WORK ITEM>
An exact transcript of the records is what this task asks for.

****************************************

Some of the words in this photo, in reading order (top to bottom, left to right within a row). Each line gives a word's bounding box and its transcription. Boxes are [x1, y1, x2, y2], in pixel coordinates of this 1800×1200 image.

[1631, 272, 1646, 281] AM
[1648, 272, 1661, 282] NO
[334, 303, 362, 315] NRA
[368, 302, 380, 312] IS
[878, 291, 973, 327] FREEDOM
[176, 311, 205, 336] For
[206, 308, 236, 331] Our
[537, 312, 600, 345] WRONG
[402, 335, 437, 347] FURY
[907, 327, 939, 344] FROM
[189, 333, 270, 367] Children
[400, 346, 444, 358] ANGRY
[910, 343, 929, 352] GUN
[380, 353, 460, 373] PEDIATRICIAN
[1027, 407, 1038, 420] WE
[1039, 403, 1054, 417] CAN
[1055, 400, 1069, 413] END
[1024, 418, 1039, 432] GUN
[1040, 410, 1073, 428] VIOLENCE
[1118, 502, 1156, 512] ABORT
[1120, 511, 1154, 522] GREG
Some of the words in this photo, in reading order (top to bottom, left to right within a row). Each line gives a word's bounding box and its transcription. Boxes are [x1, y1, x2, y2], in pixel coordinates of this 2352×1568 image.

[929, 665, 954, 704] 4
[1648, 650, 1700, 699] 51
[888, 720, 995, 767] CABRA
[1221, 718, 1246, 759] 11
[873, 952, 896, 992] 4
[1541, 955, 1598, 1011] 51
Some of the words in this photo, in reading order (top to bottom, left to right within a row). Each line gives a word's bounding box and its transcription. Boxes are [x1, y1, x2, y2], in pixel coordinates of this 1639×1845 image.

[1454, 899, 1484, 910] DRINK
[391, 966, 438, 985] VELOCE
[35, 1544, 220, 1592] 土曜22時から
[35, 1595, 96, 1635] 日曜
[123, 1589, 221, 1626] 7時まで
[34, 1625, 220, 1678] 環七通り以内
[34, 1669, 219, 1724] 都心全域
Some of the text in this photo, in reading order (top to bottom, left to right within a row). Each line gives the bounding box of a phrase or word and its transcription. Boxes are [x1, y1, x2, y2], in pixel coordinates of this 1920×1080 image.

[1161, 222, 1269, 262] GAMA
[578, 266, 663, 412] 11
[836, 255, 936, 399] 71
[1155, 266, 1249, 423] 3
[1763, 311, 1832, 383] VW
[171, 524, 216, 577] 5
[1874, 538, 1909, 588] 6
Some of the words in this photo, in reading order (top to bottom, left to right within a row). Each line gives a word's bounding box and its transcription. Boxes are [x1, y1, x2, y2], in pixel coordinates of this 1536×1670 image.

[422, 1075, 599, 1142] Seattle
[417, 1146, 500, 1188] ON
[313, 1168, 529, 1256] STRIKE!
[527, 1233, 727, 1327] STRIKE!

****************************************

EXERCISE OUTPUT>
Some of the words in this photo, in reading order (top to bottom, left to right within a row). Each line gives a word's bounding box and its transcription. Boxes are [x1, y1, x2, y2], in pixel coordinates of this 1800×1200 image.

[1631, 272, 1646, 281] AM
[1648, 272, 1661, 282] NO
[334, 303, 362, 315] NRA
[368, 302, 380, 312] IS
[878, 291, 973, 327] FREEDOM
[176, 311, 205, 336] For
[206, 308, 236, 331] Our
[537, 312, 600, 345] WRONG
[402, 335, 437, 347] FURY
[907, 327, 939, 344] FROM
[189, 333, 270, 367] Children
[400, 346, 444, 358] ANGRY
[910, 343, 929, 352] GUN
[380, 353, 460, 373] PEDIATRICIAN
[1027, 407, 1038, 420] WE
[1039, 403, 1054, 417] CAN
[1055, 400, 1069, 413] END
[1024, 418, 1039, 432] GUN
[1040, 410, 1073, 428] VIOLENCE
[1118, 502, 1156, 512] ABORT
[1120, 511, 1154, 522] GREG
Some of the words in this photo, in reading order (top to bottom, left to right within a row). Each line gives a word's bounding box and its transcription. Boxes are [x1, y1, x2, y2], in pixel coordinates of this 2352×1568 image.

[929, 665, 954, 704] 4
[1648, 650, 1700, 699] 51
[888, 720, 995, 767] CABRA
[1221, 718, 1246, 759] 11
[873, 952, 896, 992] 4
[1541, 955, 1598, 1011] 51
Some of the words in this photo, in reading order (top to bottom, left to right within a row). Each line gives a word's bounding box and its transcription. Boxes are [x1, y1, x2, y2], in pixel coordinates of this 1639×1845 image.

[1454, 899, 1484, 910] DRINK
[391, 966, 438, 985] VELOCE
[35, 1544, 220, 1592] 土曜22時から
[35, 1595, 96, 1635] 日曜
[123, 1589, 221, 1626] 7時まで
[34, 1625, 220, 1678] 環七通り以内
[34, 1669, 219, 1724] 都心全域
Some of the text in this photo, in reading order (top to bottom, left to right within a row). Each line gives the bounding box of a phrase or word and its transcription. Boxes are [x1, y1, x2, y2], in pixel coordinates of this 1920×1080 image.

[1161, 222, 1269, 262] GAMA
[578, 266, 663, 412] 11
[836, 255, 936, 399] 71
[1155, 266, 1249, 423] 3
[1763, 311, 1832, 383] VW
[171, 524, 216, 577] 5
[1874, 538, 1909, 588] 6
Some of the words in this photo, in reading order (top to bottom, left to right within a row). Each line gives a word's bounding box and its transcription. Boxes are [x1, y1, x2, y2], in pixel coordinates of this 1536×1670 image.

[422, 1075, 599, 1142] Seattle
[417, 1146, 500, 1188] ON
[313, 1168, 529, 1256] STRIKE!
[527, 1233, 727, 1327] STRIKE!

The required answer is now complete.